• [Exercise instructions]: Once you reach the line containing "this 1280×1348 image.", reproduce it and every later line exactly, through the end of the data.

• [Records to process]:
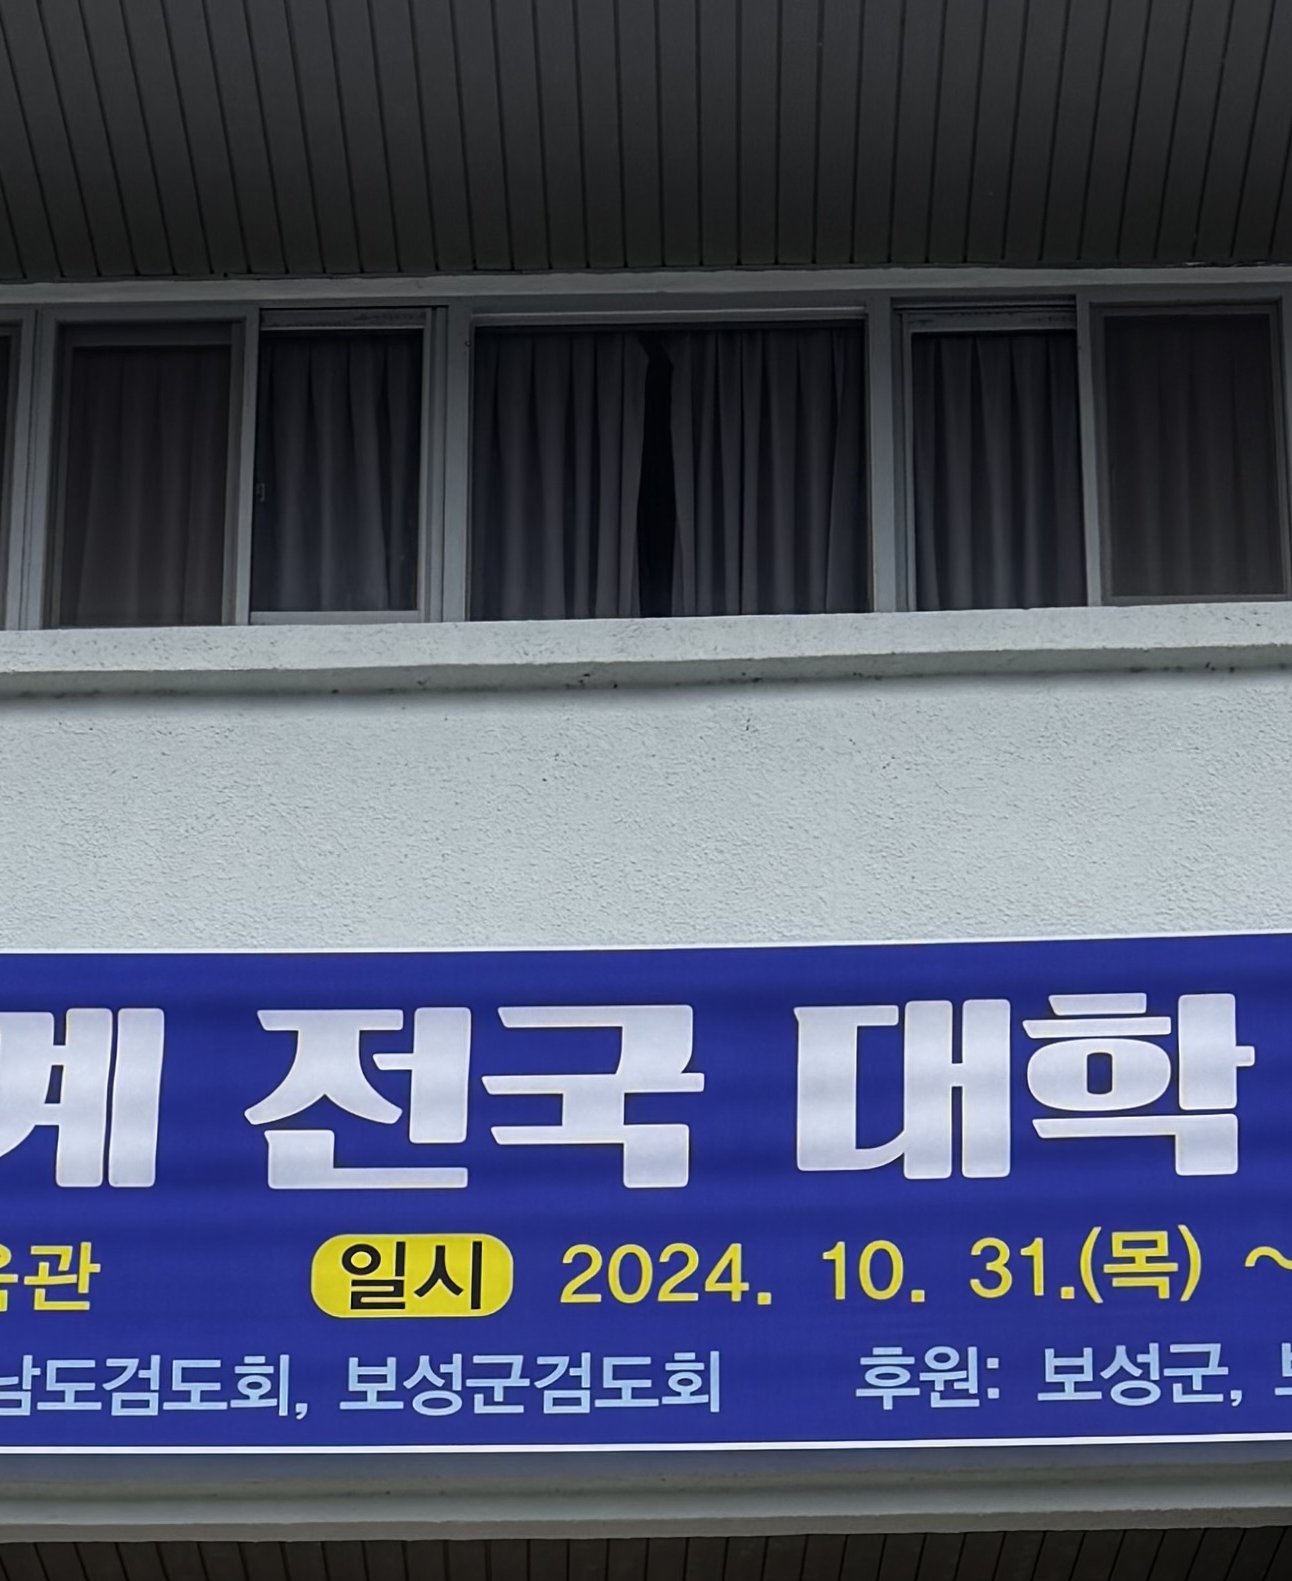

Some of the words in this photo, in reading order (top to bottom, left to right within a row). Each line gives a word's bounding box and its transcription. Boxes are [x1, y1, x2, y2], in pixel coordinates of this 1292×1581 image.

[244, 1004, 705, 1190] 전국
[793, 992, 1256, 1180] 대학
[341, 1240, 483, 1310] 일시
[559, 1242, 772, 1306] 2024.
[822, 1239, 926, 1303] 10.
[969, 1224, 1202, 1304] 31.(목)
[339, 1350, 720, 1417] 보성군검도회
[855, 1345, 1000, 1411] 후원:
[1037, 1342, 1243, 1407] 보성군,
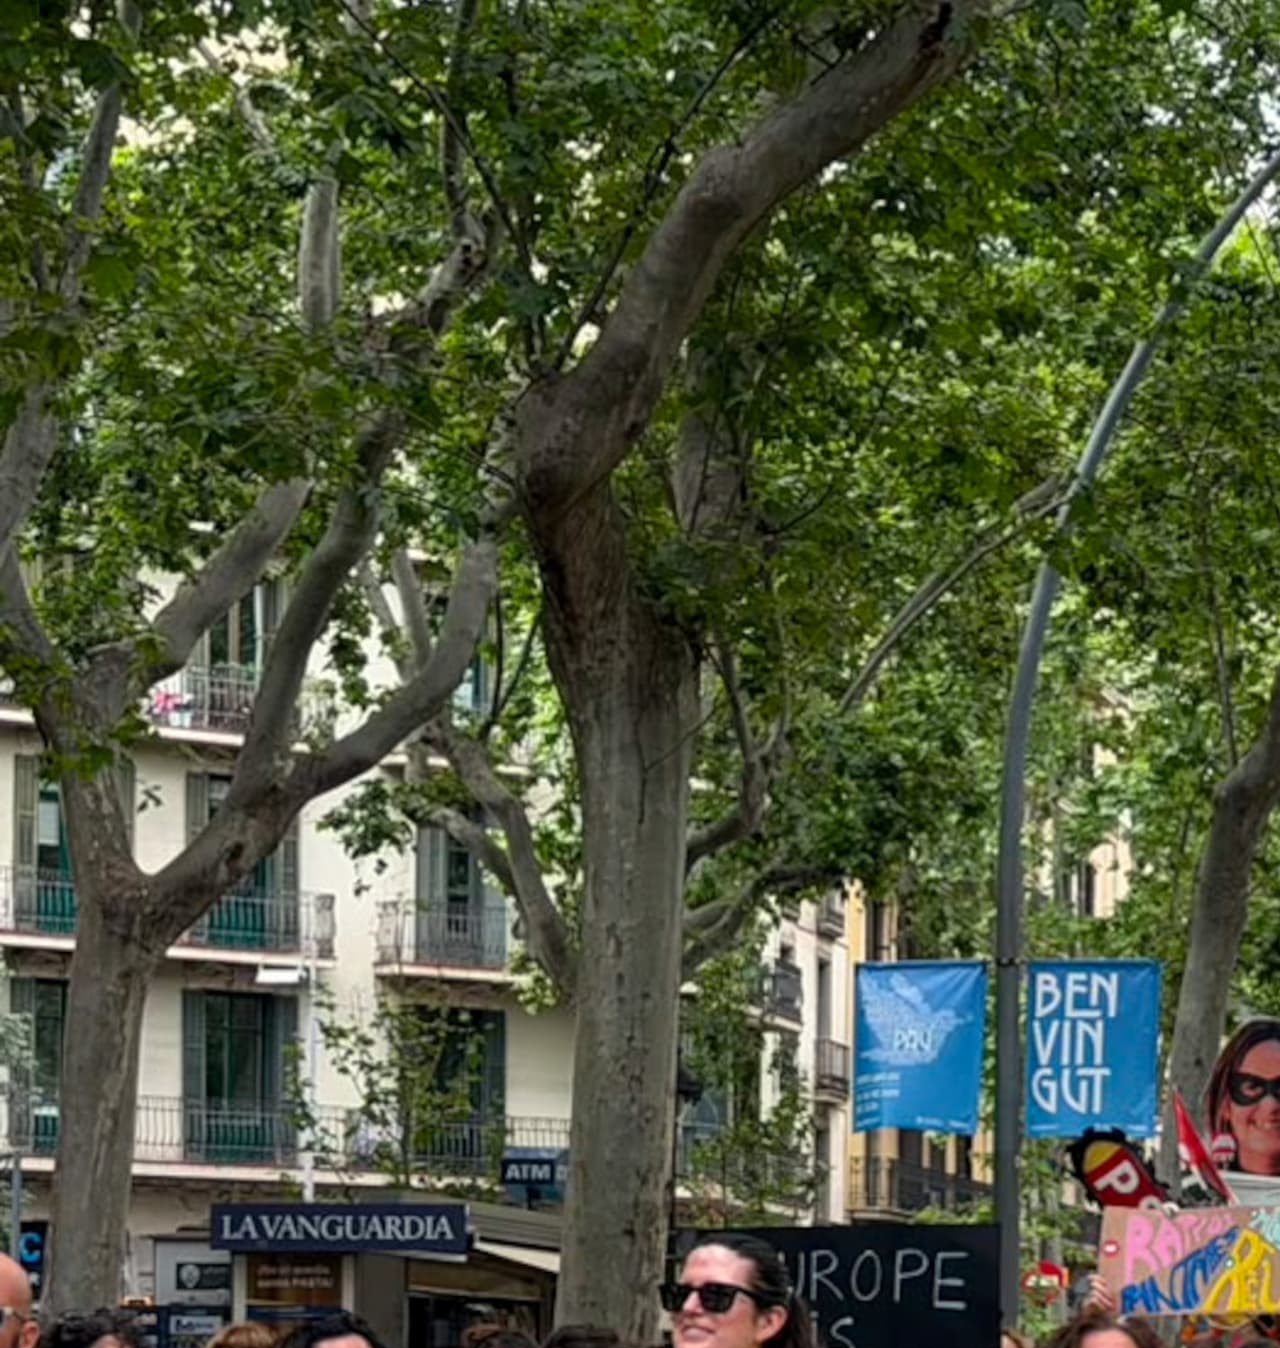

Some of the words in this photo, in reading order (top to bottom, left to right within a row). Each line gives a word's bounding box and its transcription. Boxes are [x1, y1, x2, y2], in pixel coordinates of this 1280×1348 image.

[1034, 971, 1119, 1018] BEN
[1031, 1018, 1105, 1066] VIN
[1030, 1067, 1111, 1115] GUT
[506, 1163, 550, 1181] ATM
[221, 1214, 259, 1241] LA
[260, 1214, 453, 1241] VANGUARDIA

• [Finished task]:
Some of the words in this photo, in reading order (top to bottom, left to right within a row). Each line gives a word's bounding box and its transcription. Boxes are [x1, y1, x2, y2], in pixel coordinates of this 1280×1348 image.

[1034, 971, 1119, 1018] BEN
[1031, 1018, 1105, 1066] VIN
[1030, 1067, 1111, 1115] GUT
[506, 1163, 550, 1181] ATM
[221, 1214, 259, 1241] LA
[260, 1214, 453, 1241] VANGUARDIA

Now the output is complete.